Почему он оказался в шлюпке — залез ли он туда в утренней суматохе или проводил в ней ночь, — осталось невыясненным. Более того, с учетом его кондиций трудно было представить этого инвалида ловко скачущим через высокие борта шлюпок. Так или иначе, но отход пришлось отложить. Марсовый Шестаков, известный своей ловкостью на вантах, забрался с котом на плечах по канату на палубу и вернул животное в законное его пристанище.

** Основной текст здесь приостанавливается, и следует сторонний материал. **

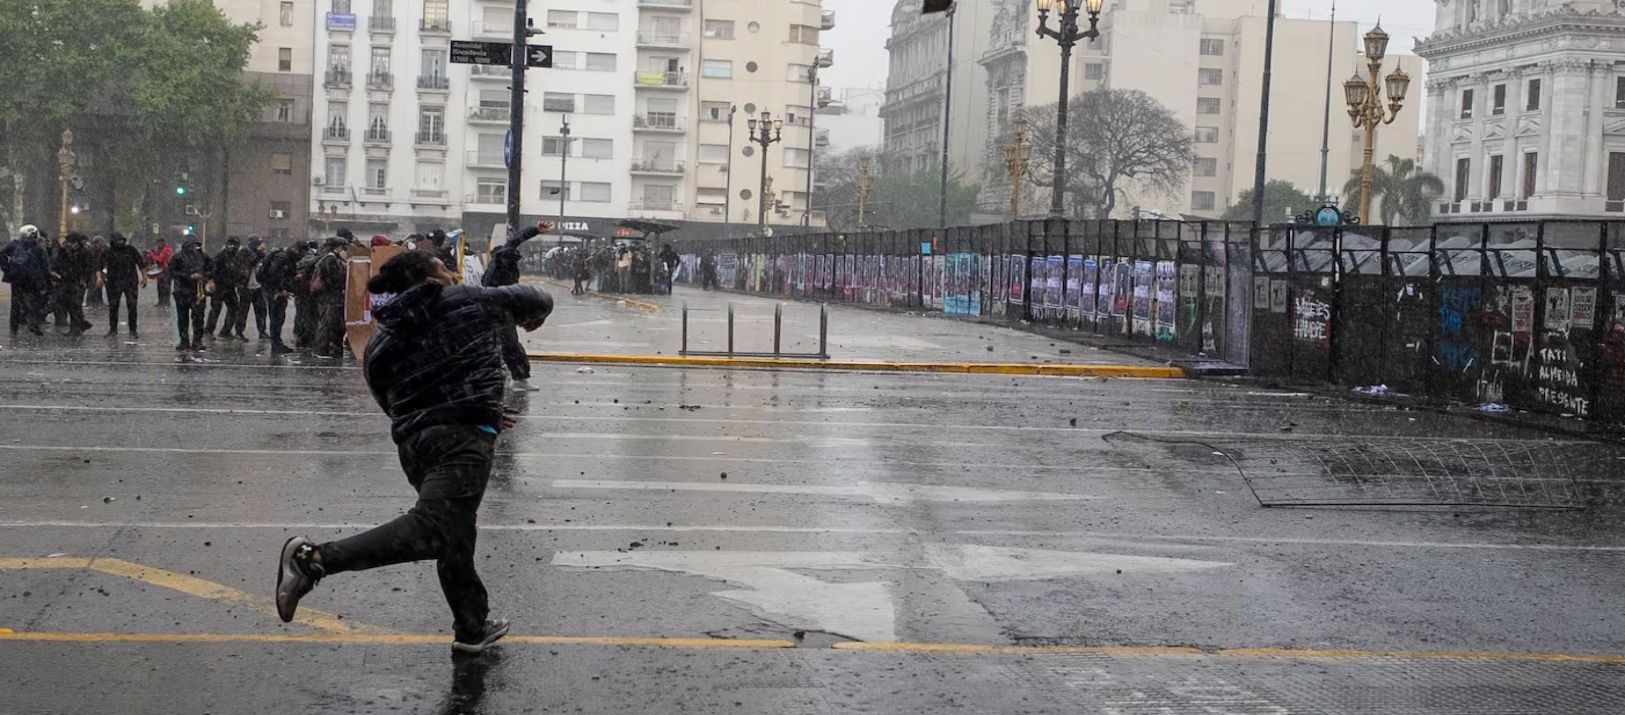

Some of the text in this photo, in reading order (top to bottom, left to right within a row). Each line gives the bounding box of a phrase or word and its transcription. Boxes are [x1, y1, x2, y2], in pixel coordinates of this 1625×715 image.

[452, 49, 487, 57] Rivadavia
[558, 222, 589, 231] PIZZA
[1540, 348, 1567, 362] TATI
[1539, 387, 1590, 415] PRESENTE

Тем временем матрос Митюхин, сидевший в шлюпке рядом с казаком Юшиным, решил с толком использовать эти несколько свободных минут. Вытащив из-за пазухи большую бесцветную тряпку, он взялся приспосабливать ее себе на голову.
Невыспавшиеся матросы, привыкшие за свою долгую морскую жизнь к самым разнообразным видам, никак не показали своего удивления. Один лишь унтер-офицер Лысаков сделал задумчивое лицо и высказался в общем направлении:
— Портянки на ноги наматывают, деревня. На голове их не надо.

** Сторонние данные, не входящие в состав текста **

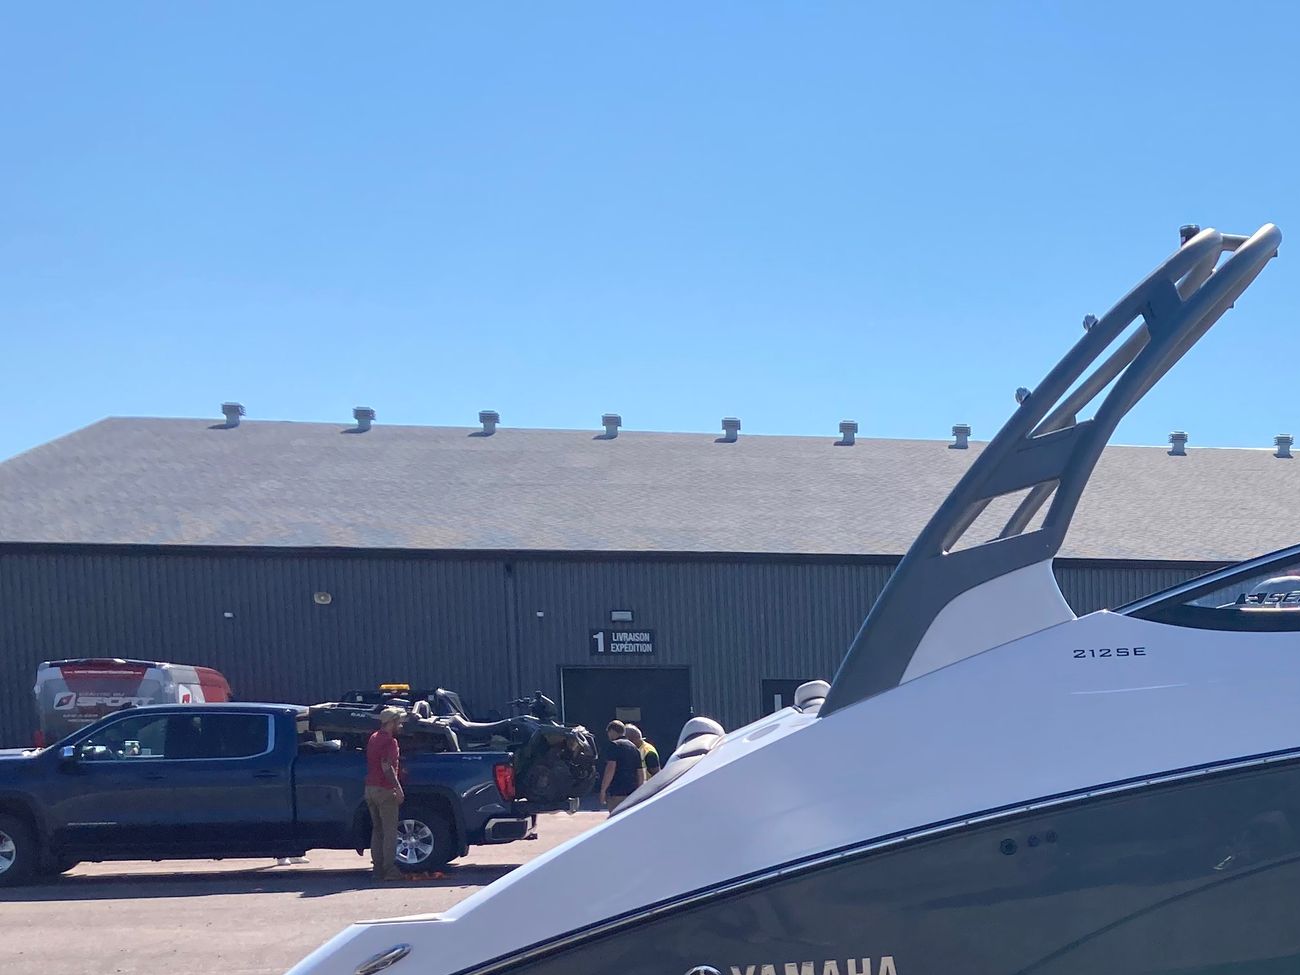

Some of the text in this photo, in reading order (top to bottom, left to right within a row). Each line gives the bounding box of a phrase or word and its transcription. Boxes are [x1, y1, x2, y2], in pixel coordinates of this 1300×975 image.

— Смейтесь, смейтесь, — откликнулся из-под своей тряпки Митюхин, хотя ни один человек в слегка покачивающейся на утренней волне шлюпке и не думал смеяться. — Как зачнут комары вас на берегу жрать, так посмотрим, кому смеяться.
— Тогда и глаза подмотай, — рассудительно посоветовал матрос 1-й статьи Котов. — Чего ты дырки оставил? Ну как они тебя в дыру грызть начнут?
— Нету здесь комаров, — гулко прогудел Юшин. — В тайге они. На берегу нет.
Митюхин, закончивший уже обматывать голову и пытающийся водрузить поверх странного сооружения шапку, замер и повернулся к Юшину всем корпусом.
— Точно? — глухо спросил он под своей тряпкой. — А я в Петропавловске слышал, что комаров — тучи.
— Там много, — согласился казак. — А здесь только в лесу. И то — если глубже зайти.
Юшин успел стать до такой степени авторитетом в глазах Митюхина, что он больше не стал ни о чем спрашивать и послушно стянул тряпку.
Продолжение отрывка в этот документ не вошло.